ENTREVISTADOR: Eu nunca havia pensado nisso.
NULO DA SILVA: Não me surpreende. E digo: O povo só aprende
a ouvir discursos, e jamais a avaliá-los, e tampouco é instruído a conceber o
que se passa nos bastidores, e a detectar identidade entre o teor dos discursos
e a prática daqueles que discursam.
ENTREVISTADOR: É verdade.
NULO DA SILVA: Enfim, parece-me, o seu cérebro está
adquirindo consistência. E digo: O assassinato de reputações de pessoas
honestas, de fibra, de moral ilibada é uma arma extraordinariamente poderosa;
destrói quem tem coragem, e desmoraliza quem o apóia e o defende. É tiro e
queda.
ENTREVISTADOR: Sei...
NULO DA SILVA: Você ainda está tonto. Metade de seu cérebro
continua a ser inteiramente de paçoca; a outra metade começa a adquirir
consistência. Há... Direi as últimas palavras deste trecho da nossa entrevista,
para, depois de mais uma boquinha, encerrarmo-la.
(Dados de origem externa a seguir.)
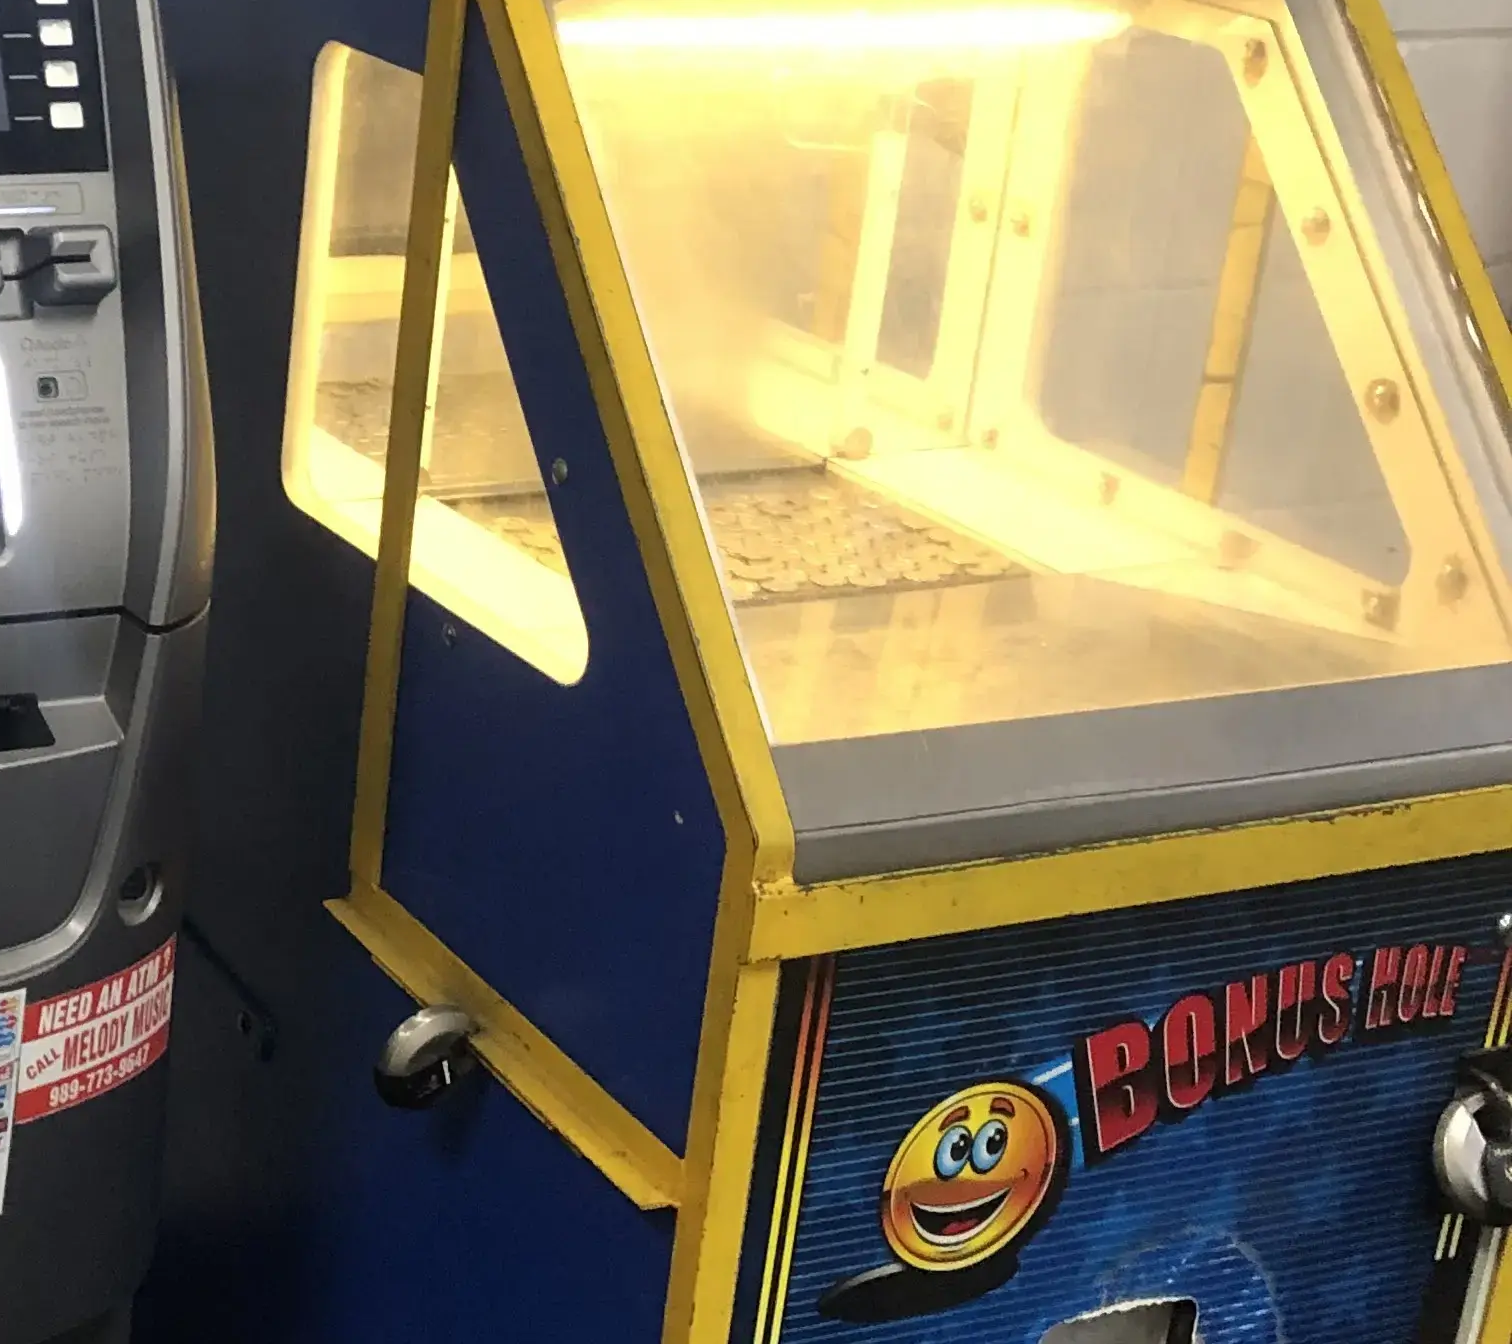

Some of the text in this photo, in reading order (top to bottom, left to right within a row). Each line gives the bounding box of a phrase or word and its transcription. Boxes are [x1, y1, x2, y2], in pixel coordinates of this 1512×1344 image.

ENTREVISTADOR: Já estamos no final?
NULO DA SILVA: Esta é a penúltima parte; a próxima será...
ENTREVISTADOR: A última?
NULO DA SILVA: Gênio! O seu cérebro está funcionando. Digo,
para encerrarmos esta parte da entrevista: Consultarei o povo só quando eu
tiver a certeza de que ele me apoiará em minhas políticas; do contrário,
sancionarei uma lei, que atende os meus interesses e os daqueles que me
financiam e me sustentam, de modo que o povo jamais saiba o que fiz; e para ser
bem-sucedido, conto com a mídia, que é chapa-branca. Outro ponto muito
importante, essencial para a manutenção do meu poder, e da classe política, é
conservar o simulacro de debate, de oposição entre eu e meus adversários. A
oposição entre eu e eles se passa no proscênio de um teatro. E o que se passa
nos bastidores? Só quem está lá sabe. Há unidade ideológica na pluralidade de
partidos. O povo não sabe identificar a essência dos partidos políticos; deles
só vê os logotipos e as siglas, e dos políticos ouve os discursos; e assiste às
propagandas. E para arrematar: Eu sou sincero. Se não gosta o povo de um
político sincero, que vote nos insinceros, que implementarão as mesmas
políticas que eu disse que irei implementar. Meus adversários dizem que irão fazer
o oposto do que farei, mas farão o mesmo. Vote no Nulo da Silva, candidato a
prefeito pelo PEIDEI - mas não fui eu. Para muita gente, votar no Nulo é o
mesmo que jogar o voto na lata de lixo. Cá entre nós, é preferível jogar o voto
na lata de lixo do que na rede de esgoto.
Nota: O senhor Nulo da Silva levantou-se da cadeira, deu um
tapa na nuca do entrevistador, então petrificado, tirando-o de sua imobilidade,
e puxou-o, pelas mãos, levantando-o. E ambos rumaram, o senhor Nulo a gargalhar
e o entrevistador a rir constrangido, para a sala contígua, para um lanchinho.